Ken Kafka owns a Ford GTB, a rare and celebrated “Burma jeep.” It was built in 1943 to be used on the famed “Burma Road” that links India to China.
Yet Kafka, with the Colorado Military Historical Group, can’t find any evidence any Ford GTBs were ever used on the road during World War II.
“The road was to haul freight into China so they wouldn’t have to fly it over the hump, which are the Himalayas,” Kafka said. “Unfortunately, the road got completed just as the war ended.”
Kafka has scoured the history about the Ford jeeps. Legend says that hundreds – perhaps 1,000 by the account of one history buff – were used on the Burma Road. That set Kafka on a search of photos and other historic records to see if it was true.

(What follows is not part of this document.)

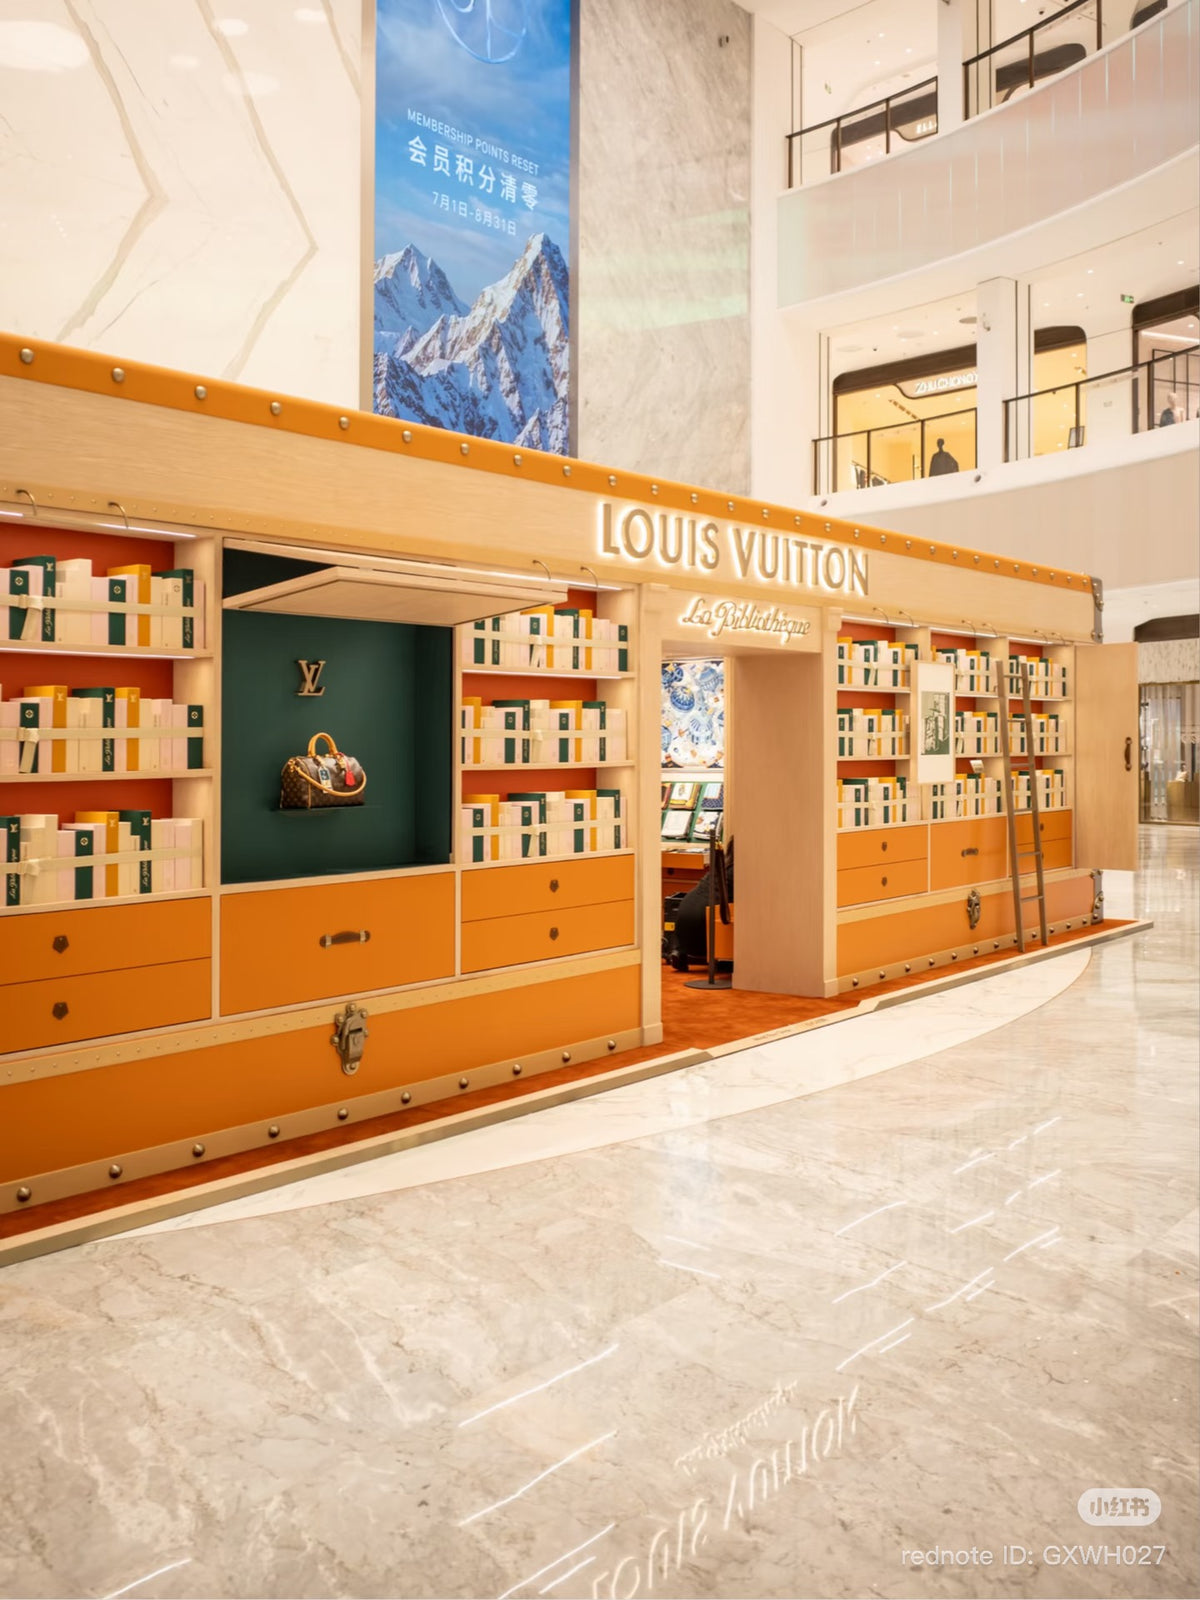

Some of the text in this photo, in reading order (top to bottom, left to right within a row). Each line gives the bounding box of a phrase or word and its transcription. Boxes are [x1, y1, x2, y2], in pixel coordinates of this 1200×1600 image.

“But upon my research there is no photographic evidence they were used in the China-Burma-India theater,” he said. “I found this out by a historian-collector from England who had found 60,000 photos of Burma Road. Not a single Burma jeep was on the road.”
That leaves a bit of a mysterious cloud looming over Kafka’s vehicle now on display at the Brighton City Museum. It is part of an ongoing exhibit called, “A Century of Service-Colorado’s Citizen Soldiers and the Brighton Historic Armory.” It had its first open house on Sept. 23.
The Burma jeep is designed as low profile with short, tight steering. The Navy used them to haul heavy things.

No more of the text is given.